Hintergrund der Klage ist den Unterlagen zufolge eine mutmaßlich falsch angewandte Formel. Mit der sogenannten GSA-Formel (General Salary Adjustment) berechnet die EZB ihre Lohnerhöhungen. In den Augen der Klägerinnen und Kläger, die von der EZB-Gewerkschaft IPSO unterstützt werden, hätte den Beschäftigten bei korrekter Anwendung eine um rund 0,5 Prozentpunkte höhere Lohnerhöhung zugestanden. Seit Inkrafttreten der GSA im Jahr 2009 seien ihnen zudem Lohnerhöhungen von insgesamt 3,3 Prozentpunkten entgangen.
Die GSA-Formel beruht auf den Durchschnittswerten der Gehaltserhöhungen der 20 Zentralbanken des Euroraums, der EU-Kommission, der Europäischen Investitionsbank und der Bank für Internationalen Zahlungsausgleich (BIZ). Dass die BIZ mit Sitz in Basel ihre Angestellten in Schweizer Franken bezahlt, einer Währung, die gegenüber dem Euro stark an Wert gewonnen hat, ist laut IPSO nicht hinreichend berücksichtigt worden.
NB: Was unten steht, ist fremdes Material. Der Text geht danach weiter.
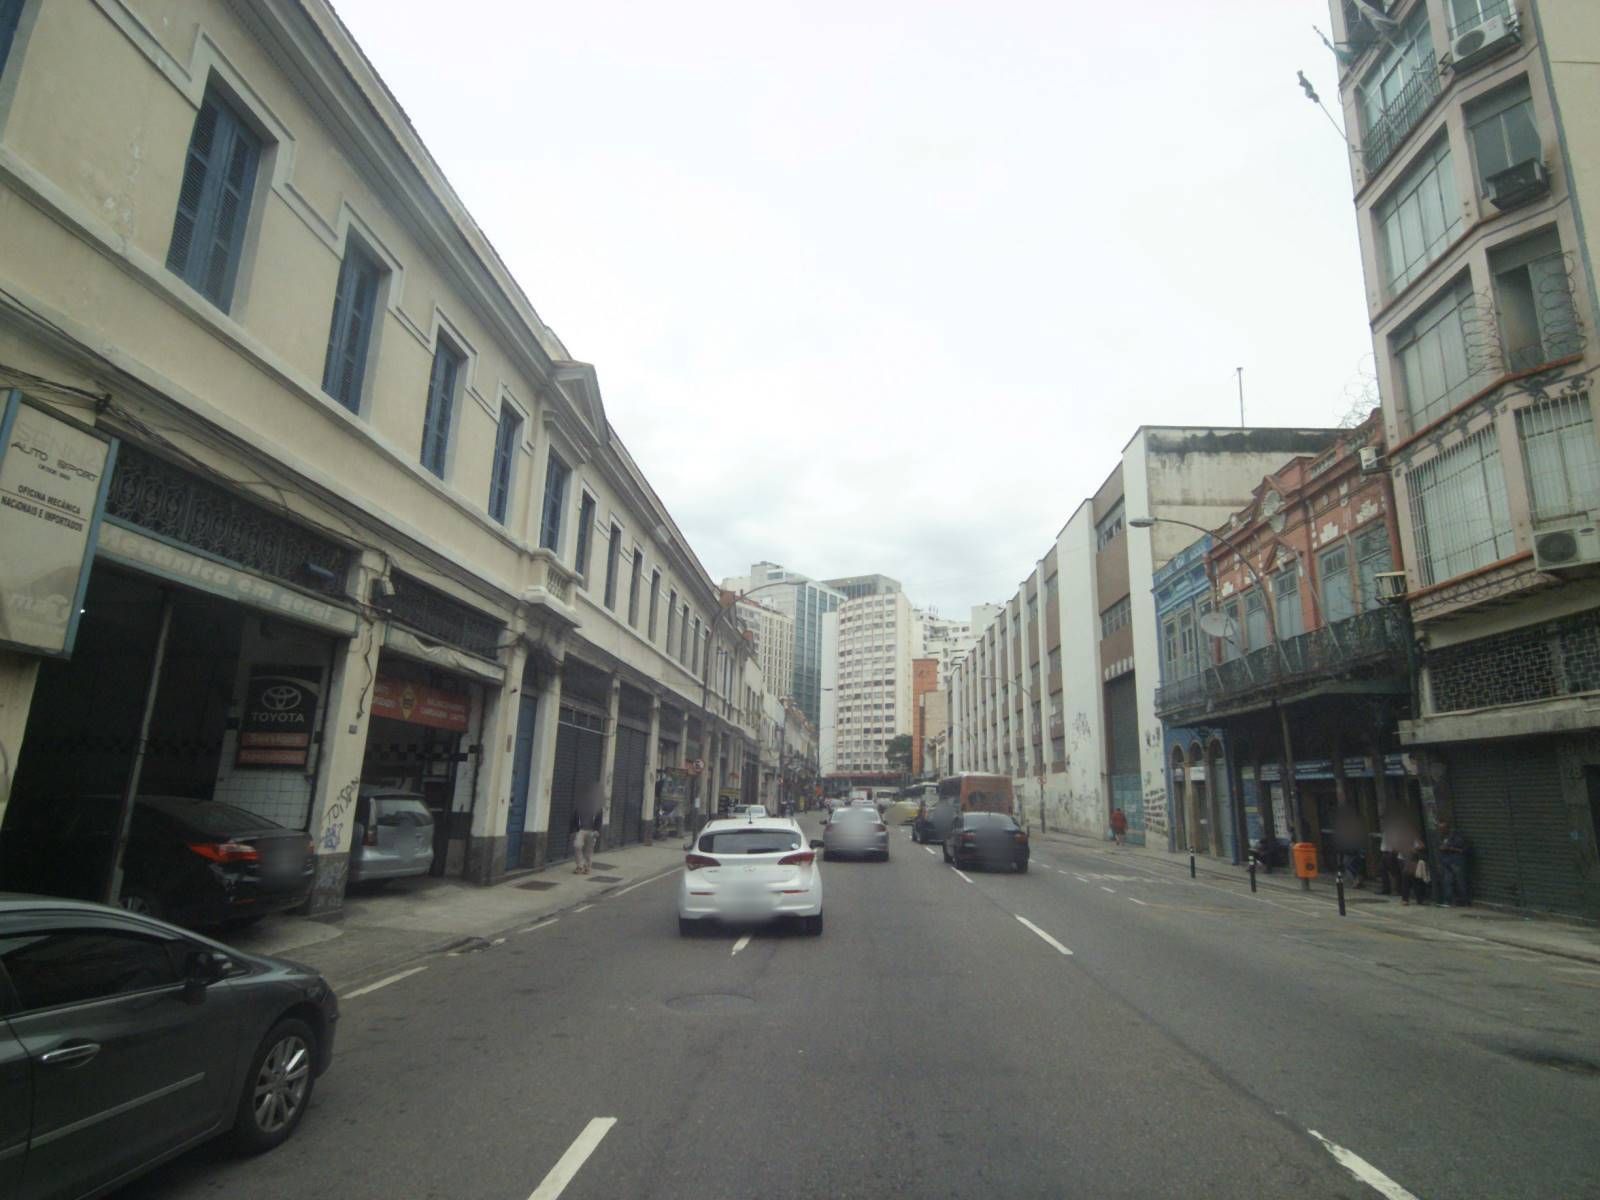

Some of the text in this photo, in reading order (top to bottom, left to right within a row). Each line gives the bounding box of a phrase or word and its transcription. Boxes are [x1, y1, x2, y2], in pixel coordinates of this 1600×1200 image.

Konkret rechnte die EZB die Franken nicht in Euro um, was laut Klägerinnen und Klägern zu den niedrigeren Lohnerhöhungen führt. IPSO sprach von einer "groben Fahrlässigkeit". Das Direktorium der EZB unter dem Vorsitz von Christine Lagarde, müsse sich diesen Fehler eingestehen, andernfalls untergrabe es das Vertrauen ihrer Mitarbeitenden, erklärte der stellvertretende Vorsitzende der Gewerkschaft, Carlos Bowles. Klage reichten die Vertreter bereits am 13. November beim Gericht der Europäischen Union ein.
Die Lohnerhöhungen von Januar liegen deutlich unter der jährlichen Inflationsrate von 8,4 Prozent aus dem vergangenen Jahr. Grundsätzlich können steigende Löhne nach Ansicht der EZB zu Preissteigerungen und damit einer höheren Inflationsrate führen, weshalb die Zentralbank sie kritisch sieht. Die Klage wollte die Bank am Dienstag auf AFP-Anfrage nicht kommentieren.